▸ **WORK INSTRUCTION**
Write out every line of the material as it stands, apart from the pictures.

▸ **INPUT FOR THIS TASK**
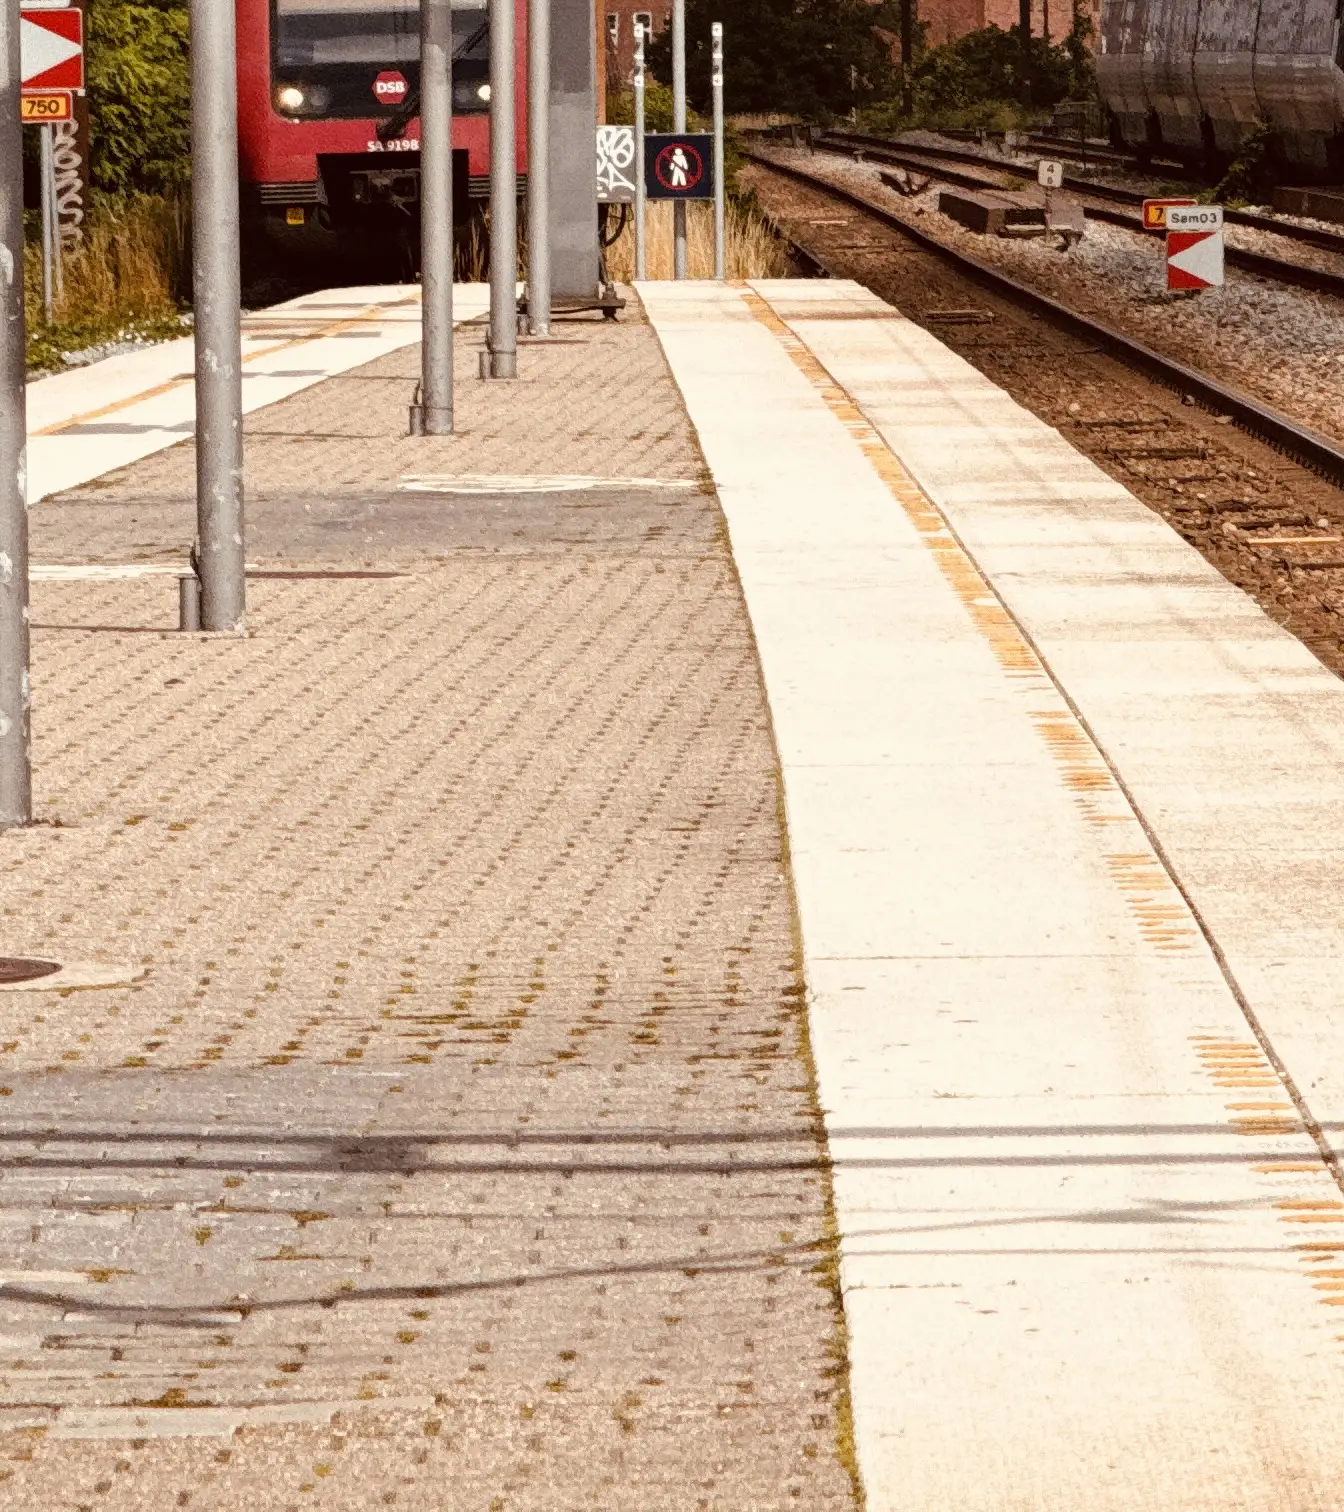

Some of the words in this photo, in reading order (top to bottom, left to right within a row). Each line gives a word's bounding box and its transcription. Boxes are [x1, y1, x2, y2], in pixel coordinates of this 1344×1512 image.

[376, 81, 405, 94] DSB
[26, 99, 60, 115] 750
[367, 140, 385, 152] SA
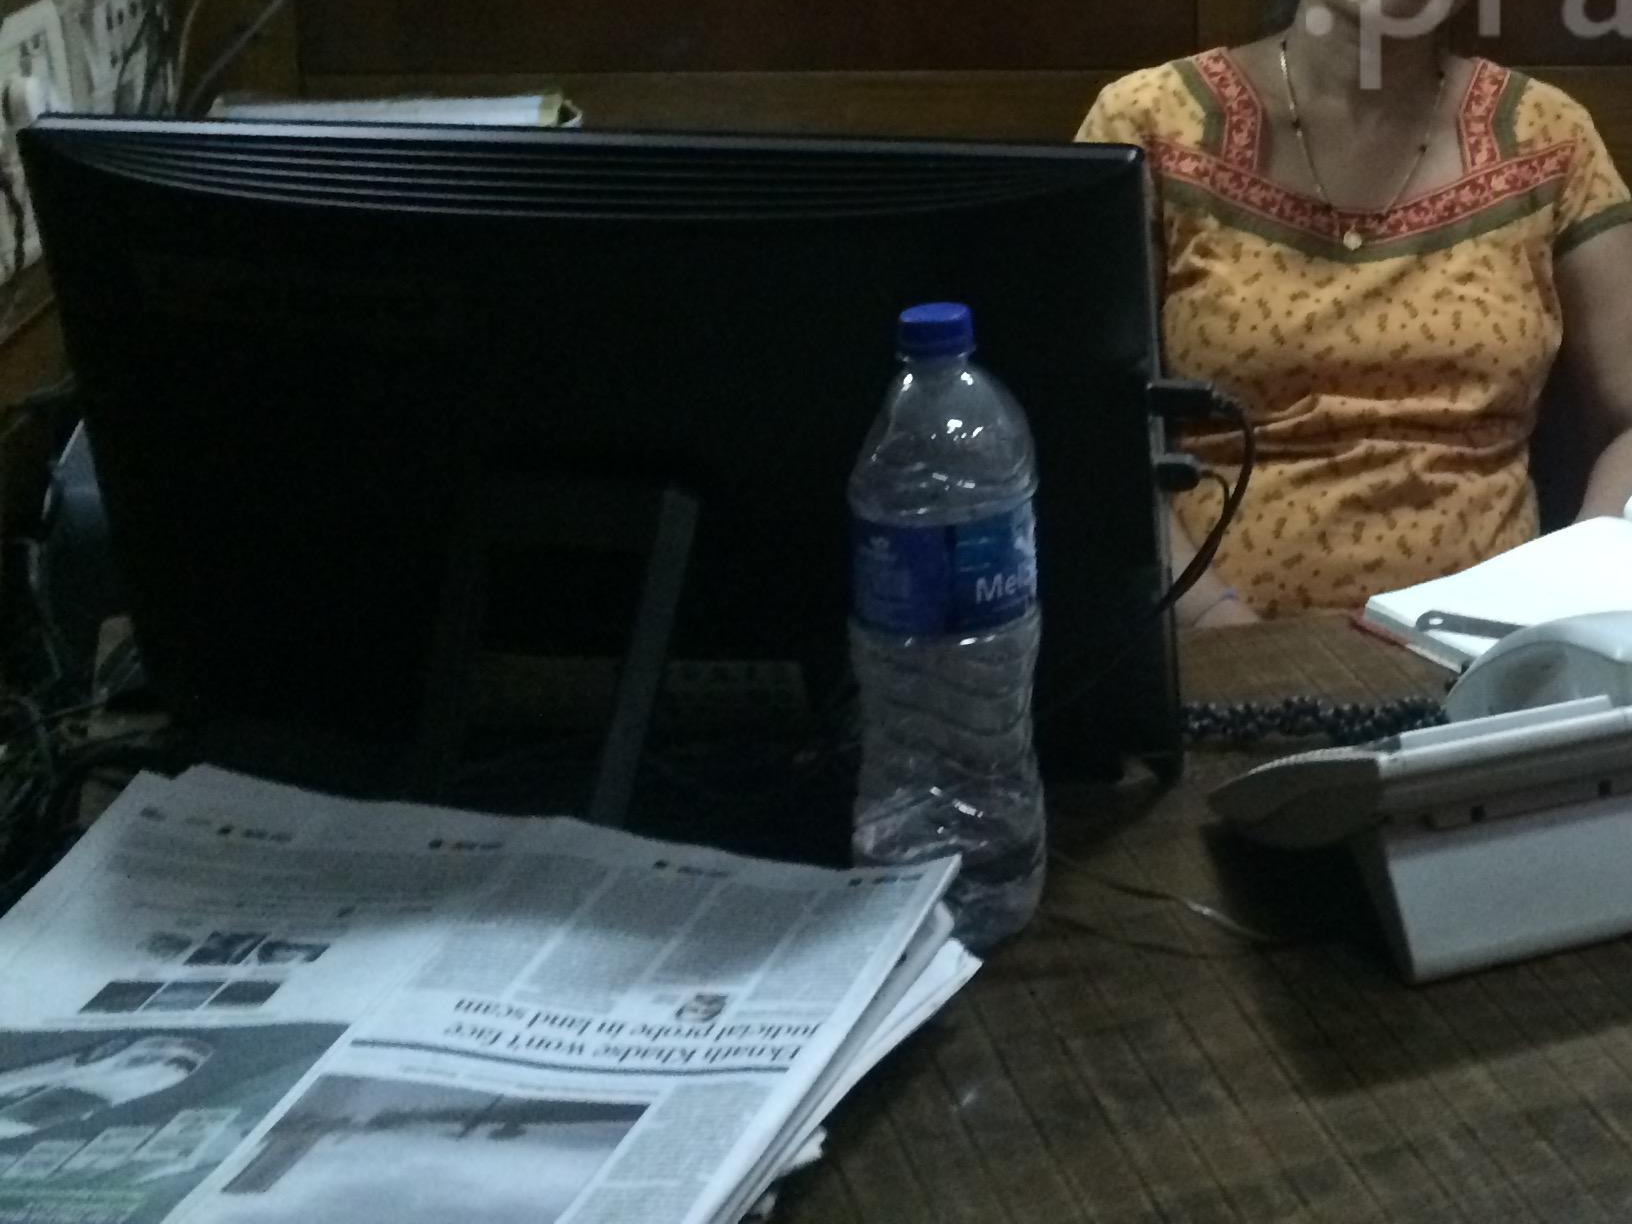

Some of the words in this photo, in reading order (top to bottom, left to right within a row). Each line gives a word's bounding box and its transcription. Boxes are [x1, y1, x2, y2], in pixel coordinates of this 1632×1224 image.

▸ **ANSWER FOR THIS EXERCISE**
Some of the words in this photo, in reading order (top to bottom, left to right within a row). Each line gives a word's bounding box and its transcription. Boxes are [x1, y1, x2, y2], in pixel coordinates of this 1344×1512 image.

[376, 81, 405, 94] DSB
[26, 99, 60, 115] 750
[367, 140, 385, 152] SA

Some of the words in this photo, in reading order (top to bottom, left to right within a row). Each line gives a word's bounding box and its transcription. Boxes are [x1, y1, x2, y2], in pixel coordinates of this 1632×1224 image.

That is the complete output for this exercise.